Do you know any woman that would be ok with that? Not in my world. Is it the intention of the writers to make boob shots ok in the line of work and, you know, mainstream?
At the end, Russell has the Uber driver turn the guys around on the way to the event – they enjoyed dinner before heading to the award ceremony. Why? He wants to come clean with Angie about the Twitter porn. She’s a little buzzed on wine so she’s cool with it. All’s well.
Russell: Hey, babe.
Angie: Hey, I saw you out here and I just wanted to come tell you to have a good time, and I love you.
Russell: Is this you or the wine talking?
Angie: Yes. You're the best.
Russell: I get boobs!
Angie: What?
Russell: I mean, not like I understand boobs, I mean, I do understand boobs, but I get them. I mean, I receive breasts. Fans who are female sometimes tweet me pictures of their breasts, and I just wanted to let you know.
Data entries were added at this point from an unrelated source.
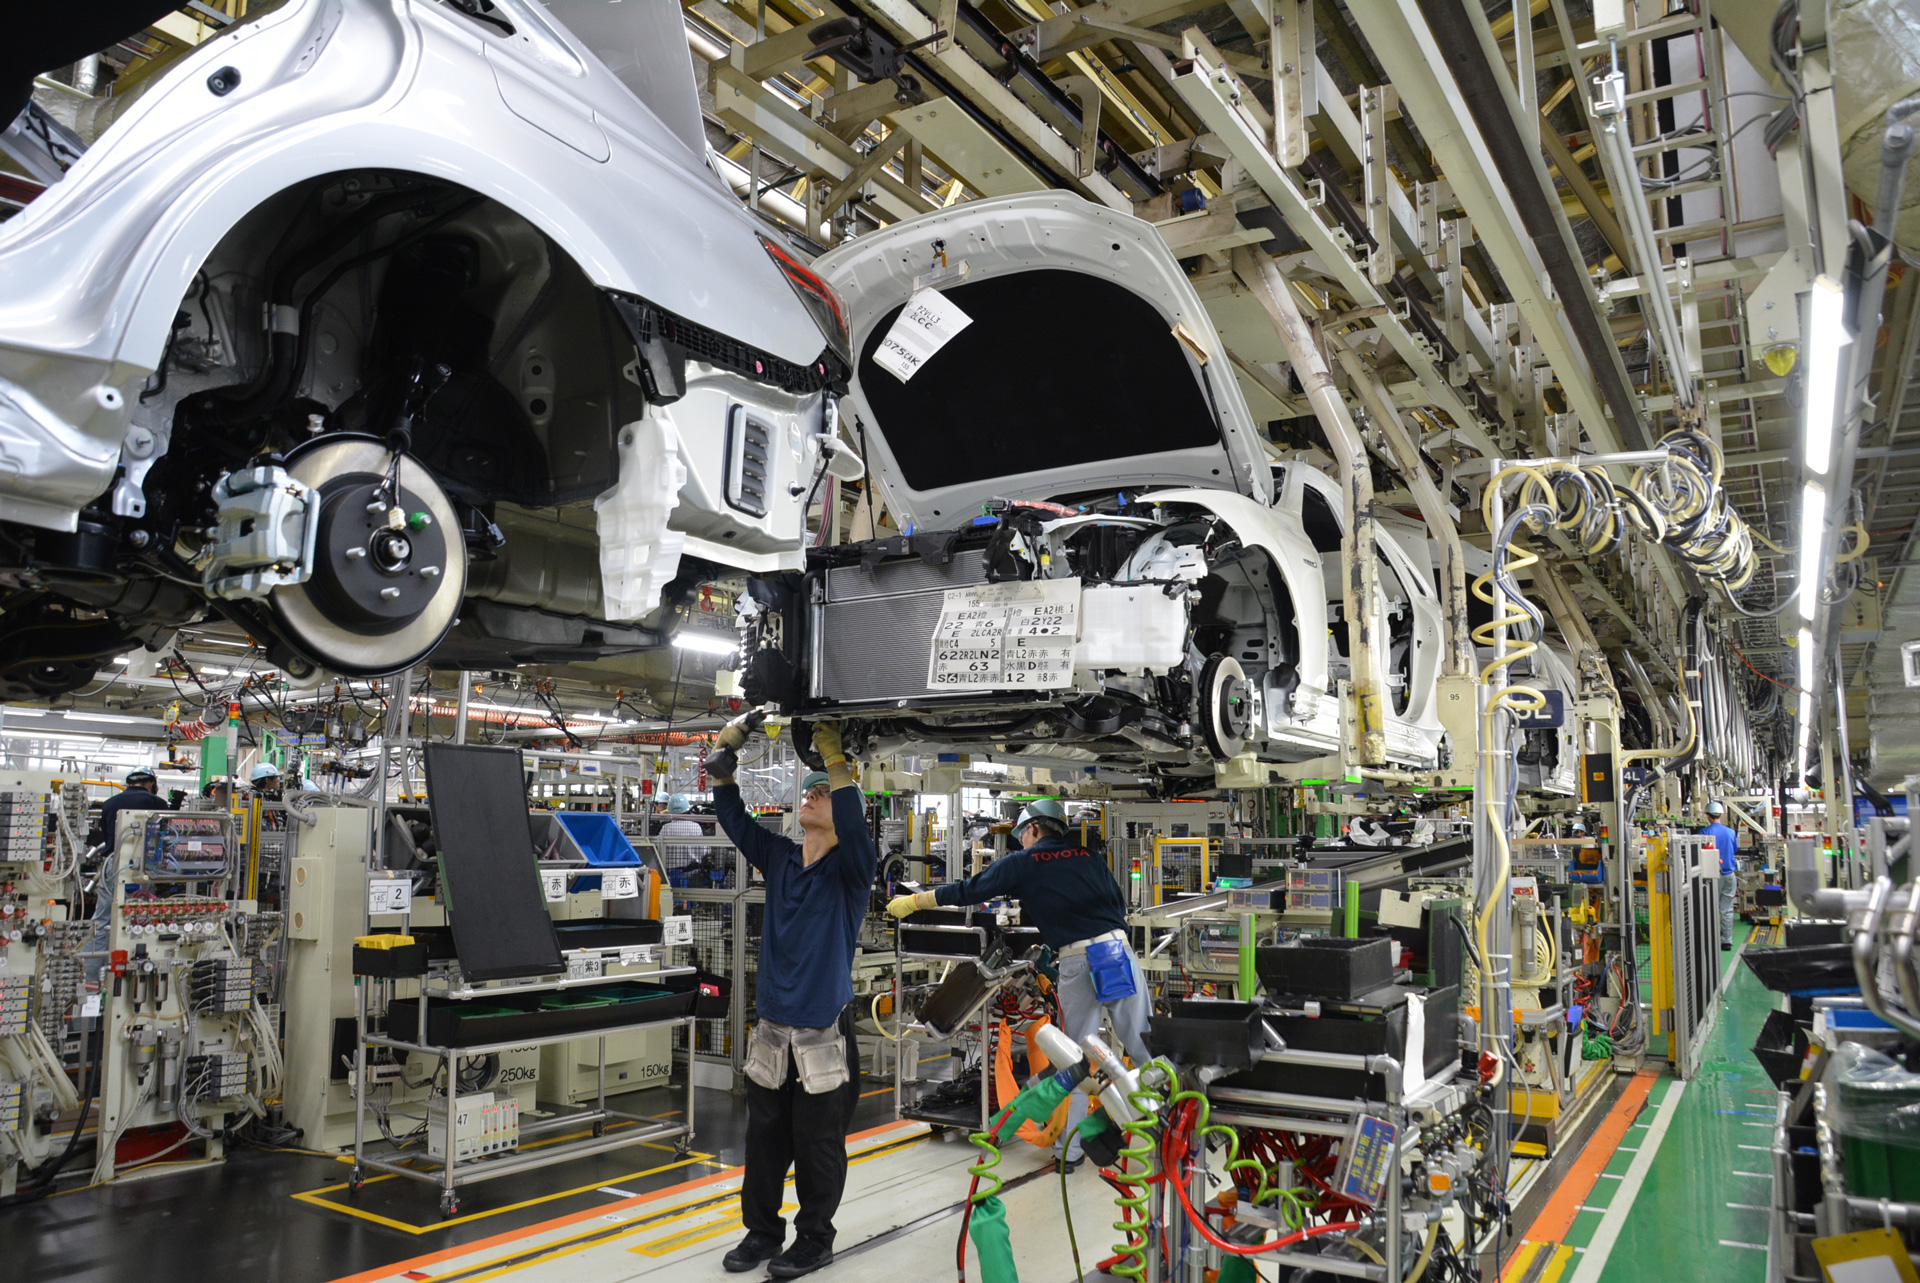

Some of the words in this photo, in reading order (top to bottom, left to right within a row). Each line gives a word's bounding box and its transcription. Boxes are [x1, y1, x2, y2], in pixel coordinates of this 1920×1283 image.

[990, 638, 995, 648] 5
[1018, 638, 1026, 646] E
[1061, 649, 1071, 658] 有
[938, 663, 947, 672] 赤
[969, 662, 988, 671] 63
[1060, 661, 1070, 669] 有
[1006, 673, 1025, 682] 12
[1624, 772, 1640, 781] 4L
[1031, 848, 1090, 862] TOYOTA
[551, 878, 561, 891] 赤
[619, 877, 631, 889] 赤
[395, 888, 402, 900] 2
[678, 922, 687, 934] 黒
[500, 1066, 536, 1083] 250kg
[641, 1063, 669, 1078] 150kg
[458, 1114, 467, 1125] 47
Angie: Well, that seems like a work thing, right?
Russell: Right, exactly. Ang, any woman could make my night. I found the woman that makes my life.
Angie: Aww!
James: Oh, I'm so jealous of what they have.
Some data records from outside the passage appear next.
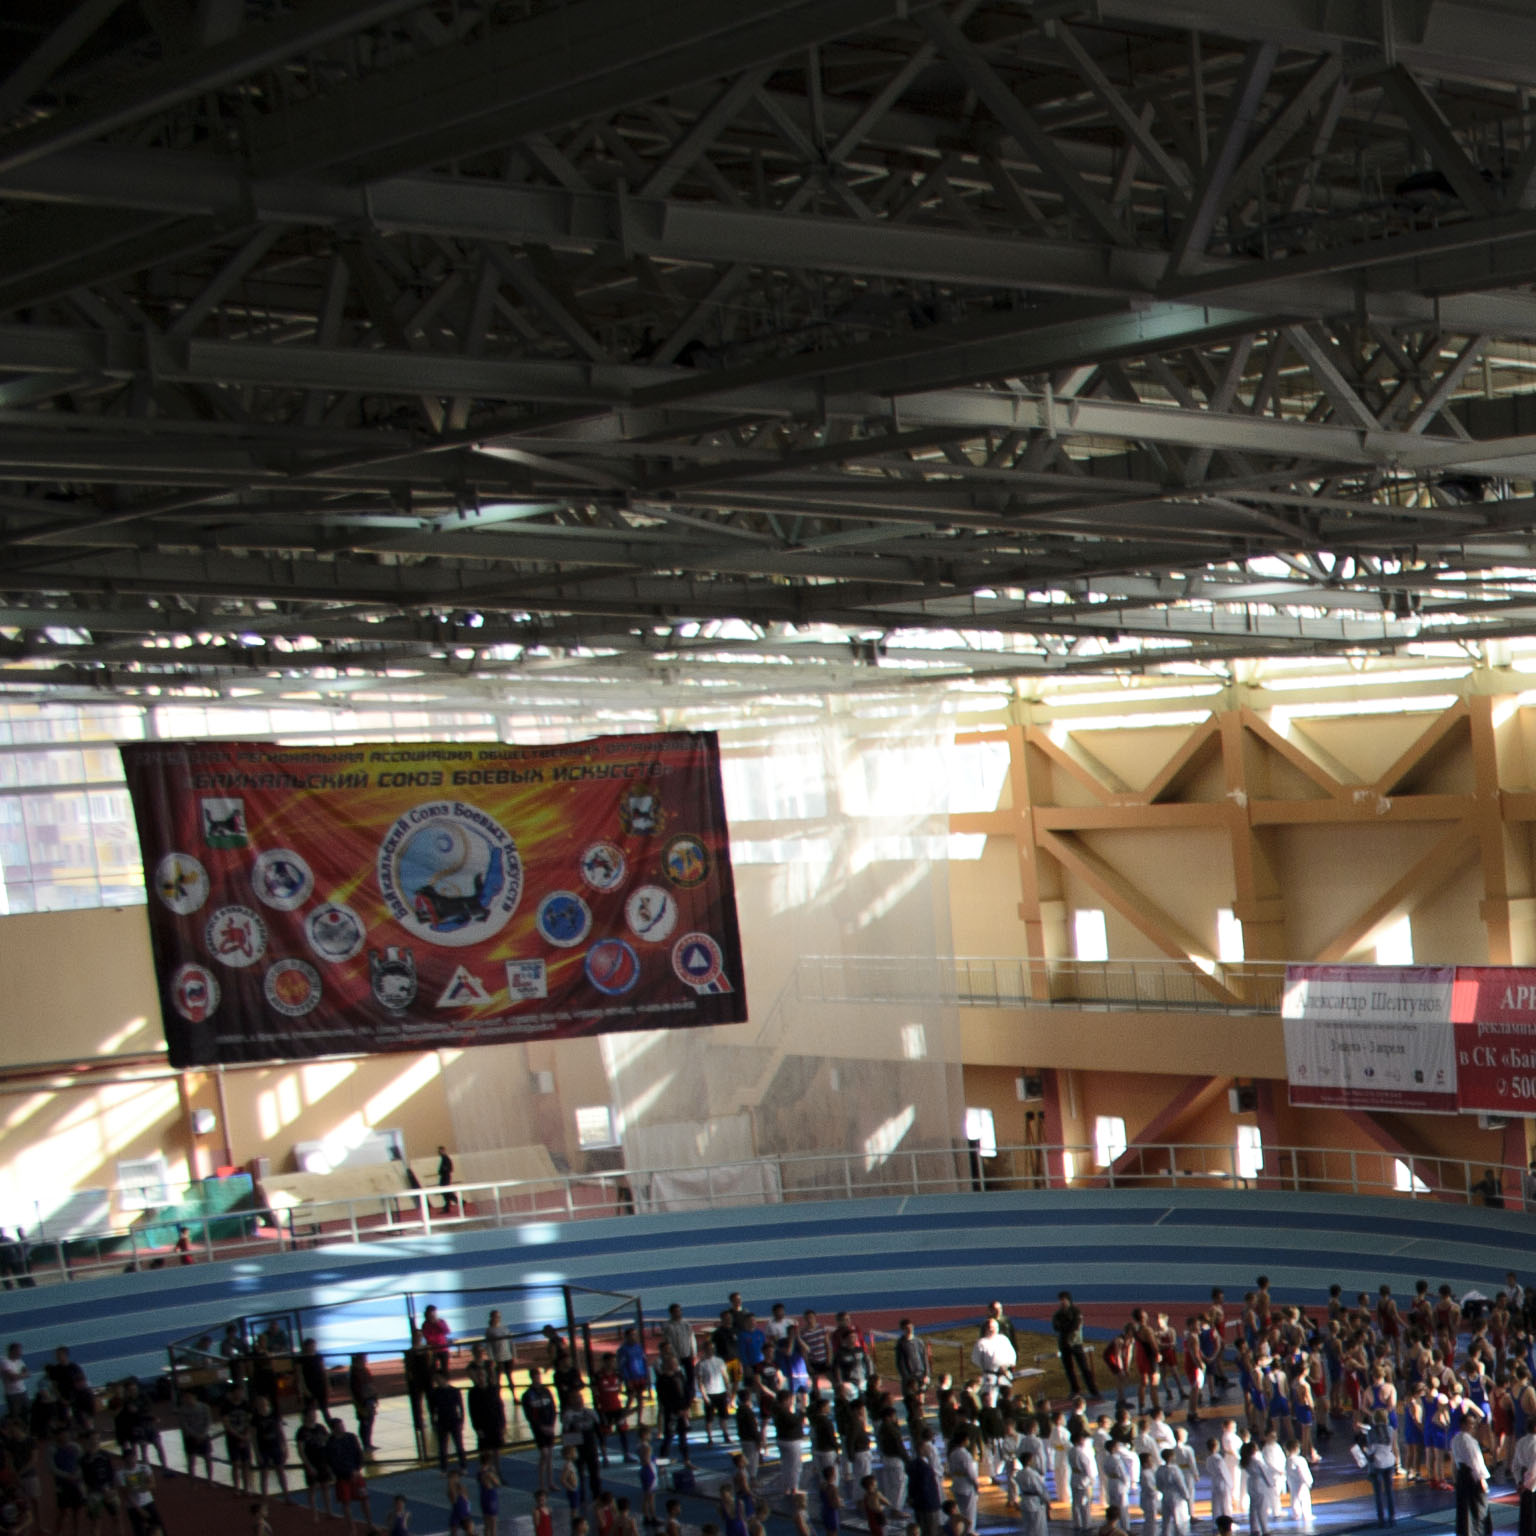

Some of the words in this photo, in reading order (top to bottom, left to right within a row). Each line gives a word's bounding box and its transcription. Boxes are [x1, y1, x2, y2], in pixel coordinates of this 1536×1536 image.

[378, 768, 443, 788] СОЮЗ
[452, 767, 544, 786] БОЕВЫХ
[410, 804, 449, 824] Союз
[453, 802, 507, 841] Боевых
[1459, 1053, 1470, 1066] в
[1472, 1046, 1498, 1068] СК
Angie: Well, have fun, guys. But when you get home, I'd like to do some stuff with you.
Russell: Uh, guys?
Guys: Yep. - Course.
Russell: See you tomorrow. - All right!
Mitch: Okay, I lied. I'm willing to admit that. But you have to admit that there is something special about the fact that I know you so well, and you know me so well, or else you wouldn't have hired that plumber, and I get it. I am fine with it. Is he here a lot? [Car horn honking] How do you really feel about this porn thing?
Tracy: Honestly?
Mitch: Slide over, gentlemen.
All: Yeah! Porn! Porn! Porn! Porn! Porn! Porn! Porn! Porn! Porn! Porn! Porn! Porn! Porn--
Tracy: Hi, guys.
James: I was chanting, "Corn!"
Mitch: Russell texted me. Apparently he and Angie are making their own movie. So Tracy's gonna take his spot.
James: So she's going to the, uh...
Tracy: Porn! Porn! Porn! Porn!
All: Porn! ! Porn! Porn!
See, we can all go! It’s a work thing! Porn is now mainstream! Porn, porn, porn!
Sigh. All this in early primetime television on a Friday night. The freak show is real.